In its latest rankings of College Football’s Most Valuable Teams, has pegged the value of the Longhorns at $129 million, up roughly eight percent from its value in the 2009 rankings.  UT is well ahead of No. 2 Notre Dame, with the Irish coming in at $112 million.

That gap will likely only widen, however; the 20-year, $300 million deal for the Longhorn Network was not included in Forbes’ most recent set of financial calculations.
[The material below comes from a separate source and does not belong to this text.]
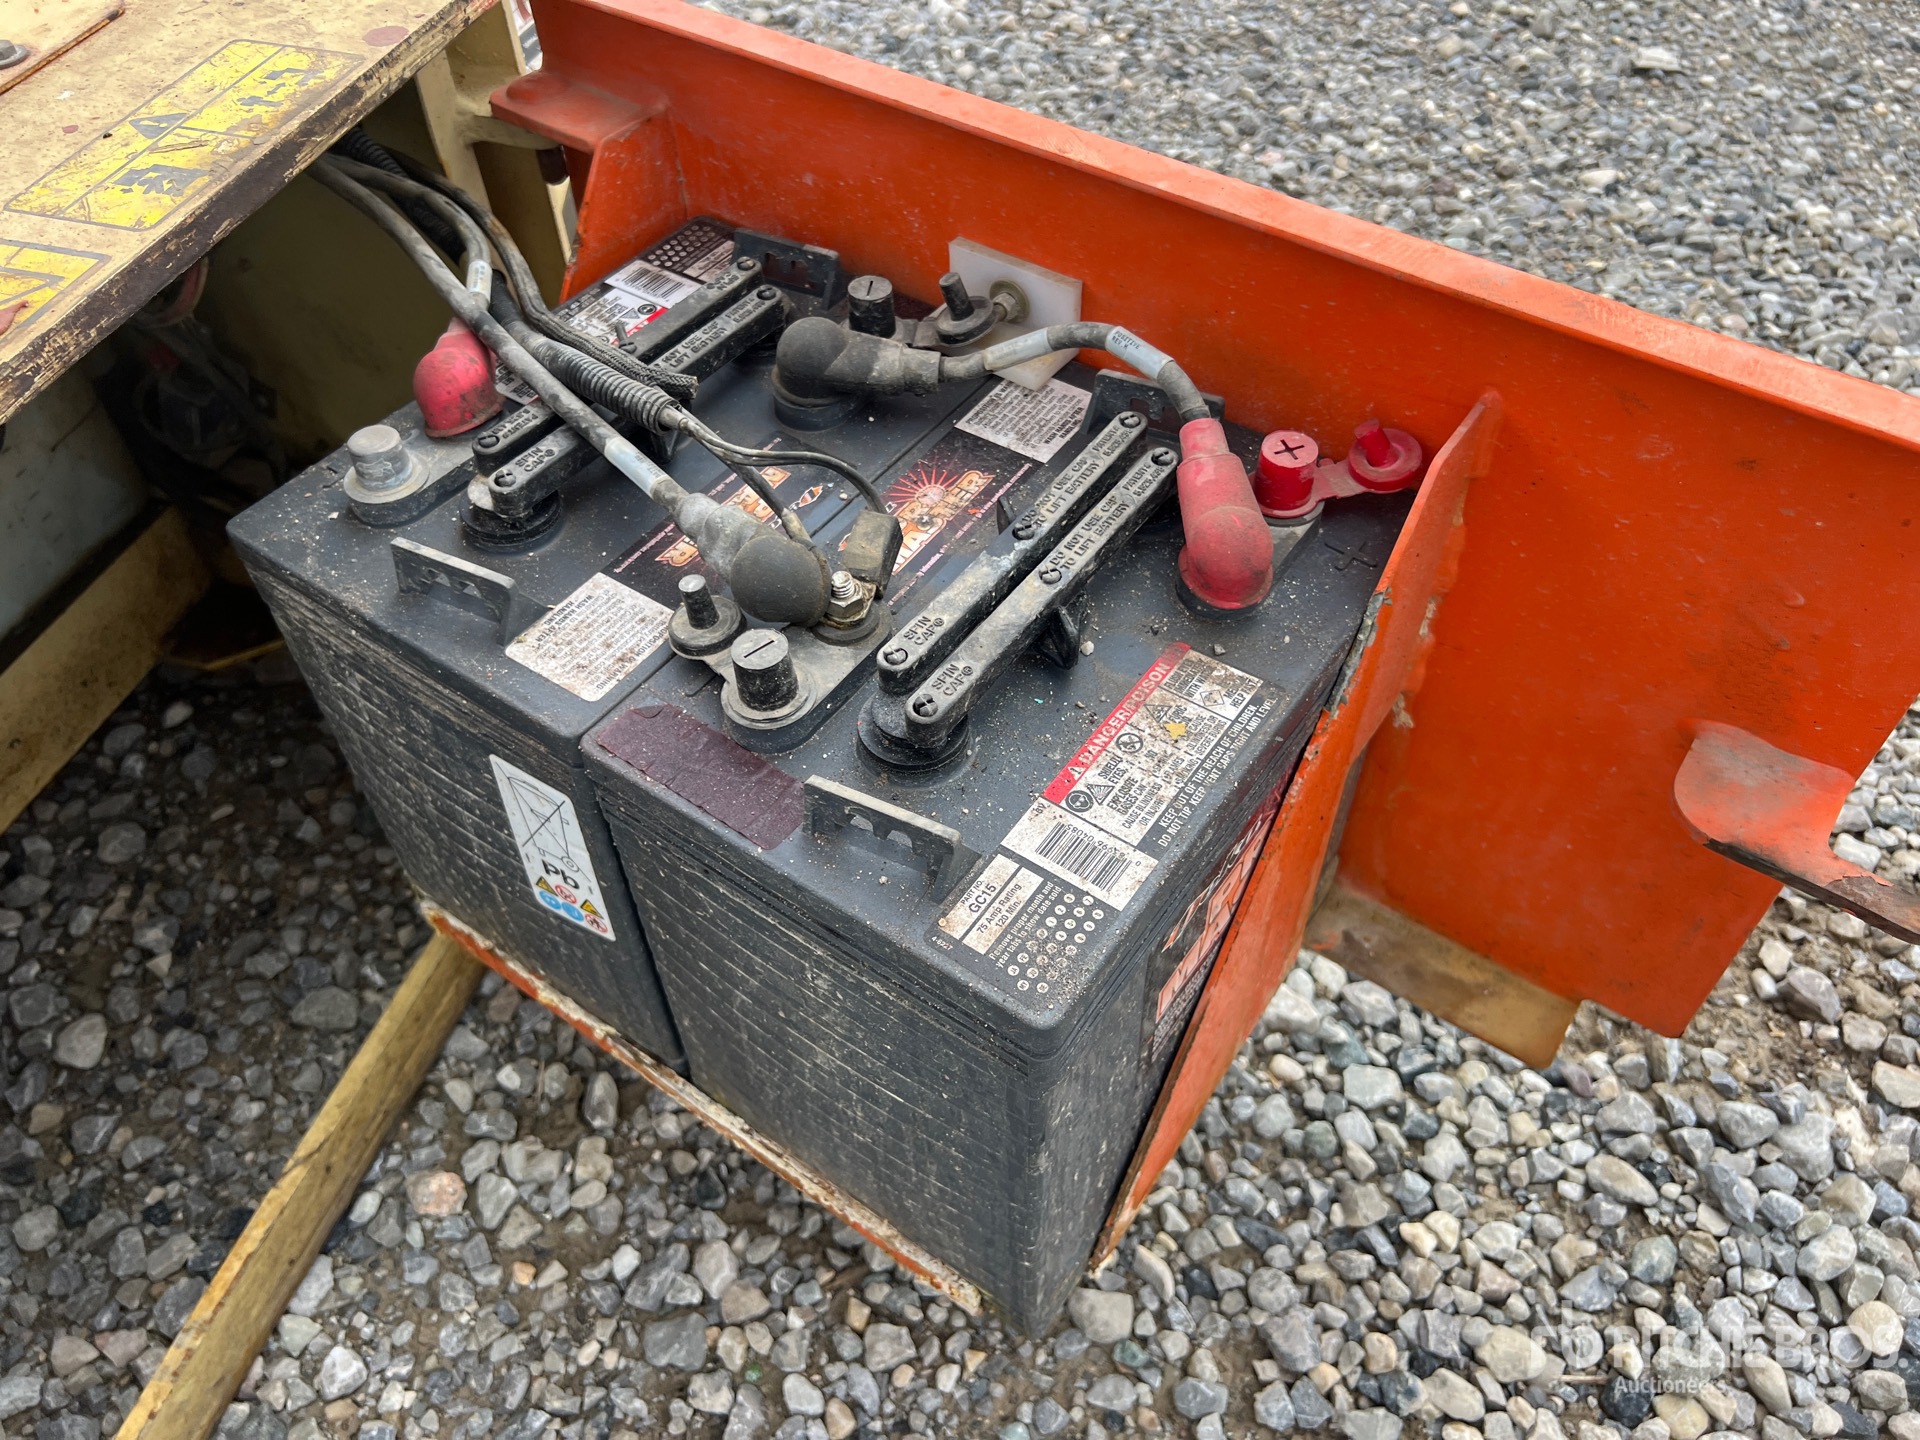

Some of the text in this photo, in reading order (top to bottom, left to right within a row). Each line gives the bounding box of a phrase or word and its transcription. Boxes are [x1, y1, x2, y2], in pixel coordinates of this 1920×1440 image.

Forbes also laid out exactly how it comes to its financial estimates:

… Unlike our NFL Team Valuations, which estimates each team’s enterprise value in an arms-length transaction, our college football ranking evaluates the financial impact each team has on four distinct areas. The two areas most important to our study are a team’s academic value, or the revenue directed towards university programs and spending (including football scholarships), and its athletic value, which is the football revenue used to support other athletic programs. The remaining two areas are weighted less heavily in our scoring system. They consist of the distribution of bowl game revenue amongst conference teams and the economic impact of visiting fans for each team’s home games.

While UT’s value will only continue to rise thanks in part to the LHN, another school will likely see its value tumble in the next set of rankings.

Penn State is currently the third-most valuable team in college football, but that value was determined prior to the Jerry Sandusky child-sex abuse scandal that rocked the State College school last month.  As Forbes writes, “we expect the team to fall quite a bit in future rankings.”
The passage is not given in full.